Exercise input =
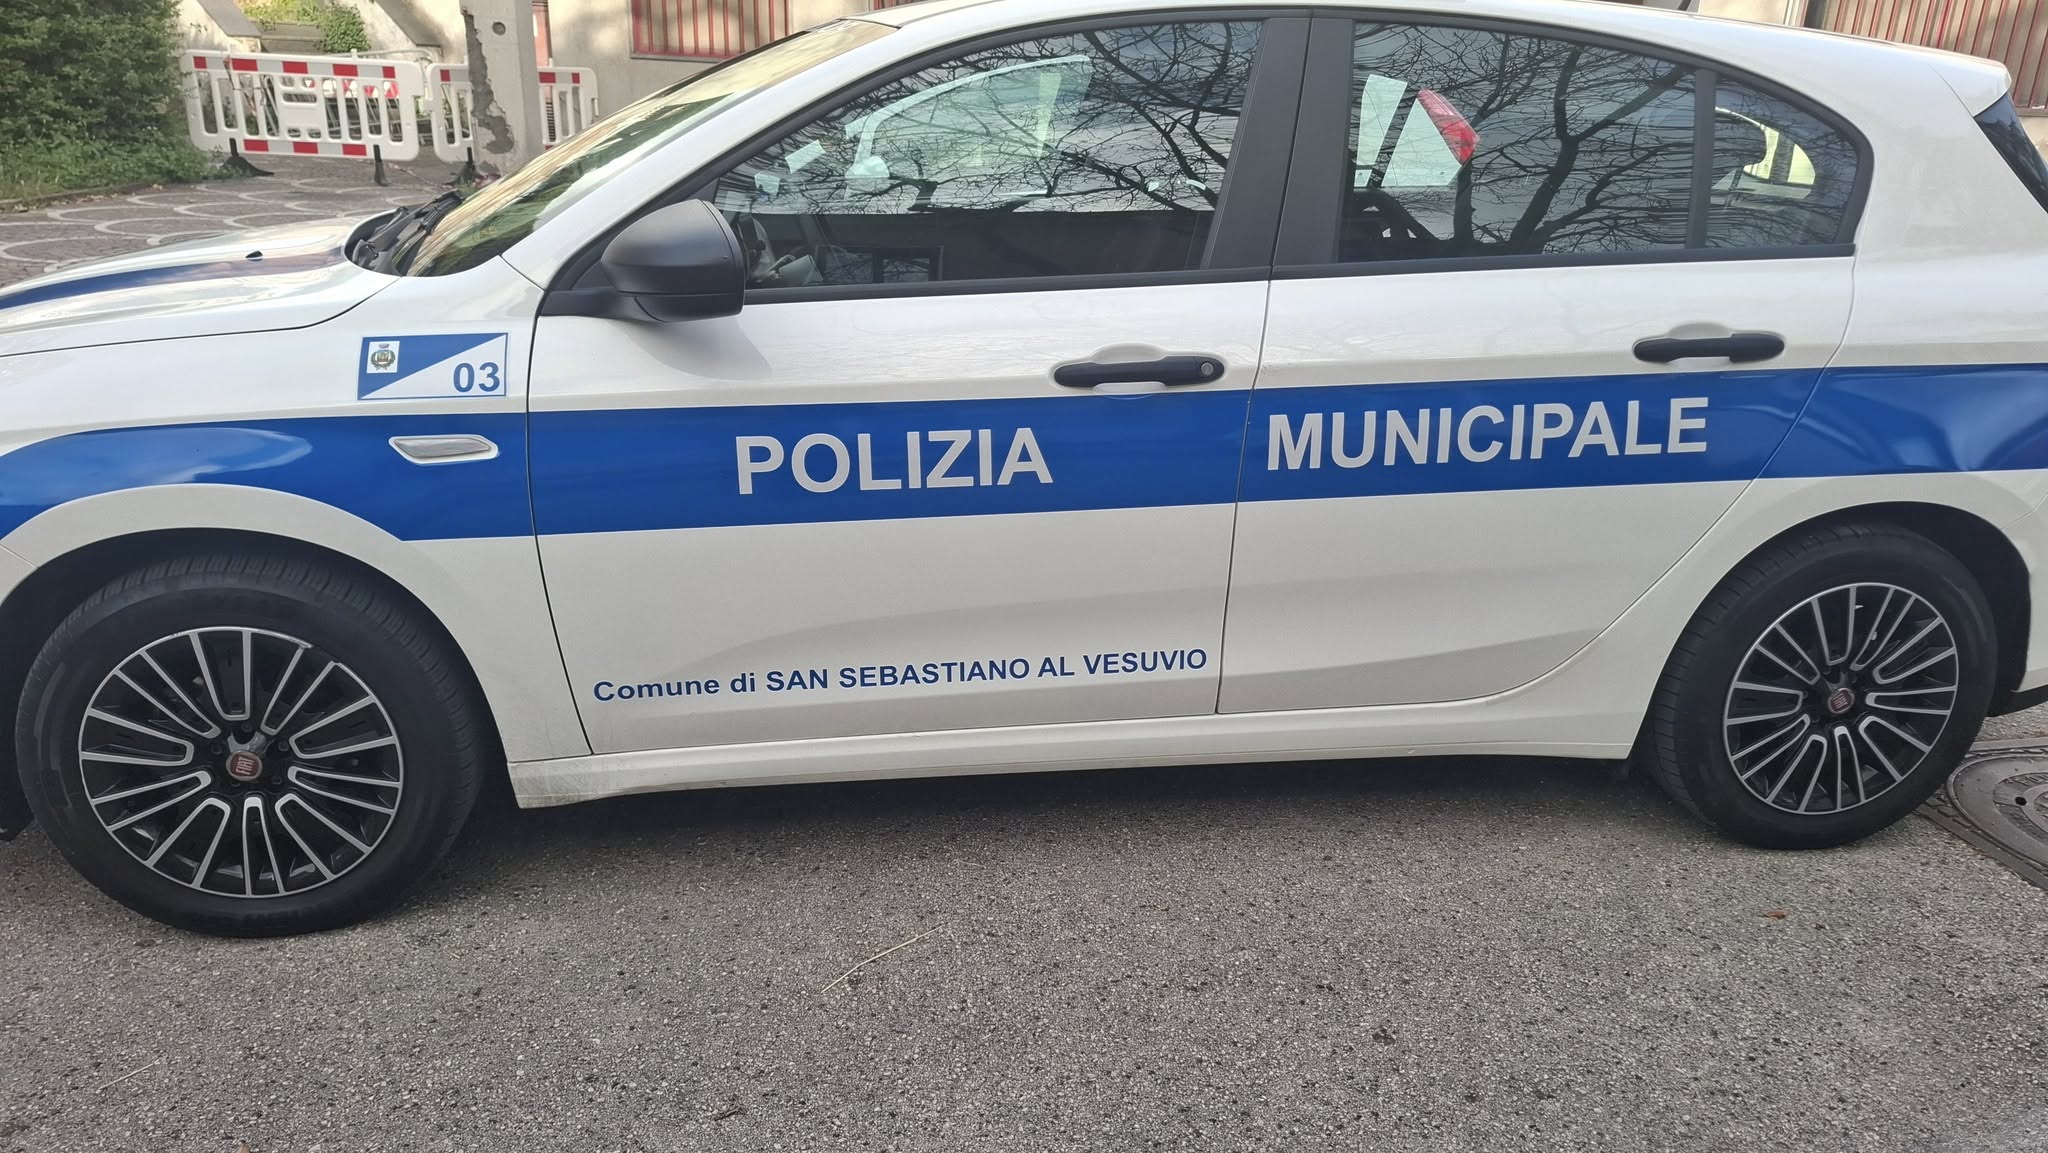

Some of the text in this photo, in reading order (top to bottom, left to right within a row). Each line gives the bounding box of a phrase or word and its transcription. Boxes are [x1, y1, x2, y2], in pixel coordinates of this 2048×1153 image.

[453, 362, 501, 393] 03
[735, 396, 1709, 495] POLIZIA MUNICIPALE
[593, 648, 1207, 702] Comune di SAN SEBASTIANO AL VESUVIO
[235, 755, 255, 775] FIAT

What is needed =
Would you copy out the material above exactly, without the pictures in it?

Solution to the problem =
Some of the text in this photo, in reading order (top to bottom, left to right within a row). Each line gives the bounding box of a phrase or word and its transcription. Boxes are [x1, y1, x2, y2], in pixel coordinates of this 2048×1153 image.

[453, 362, 501, 393] 03
[735, 396, 1709, 495] POLIZIA MUNICIPALE
[593, 648, 1207, 702] Comune di SAN SEBASTIANO AL VESUVIO
[235, 755, 255, 775] FIAT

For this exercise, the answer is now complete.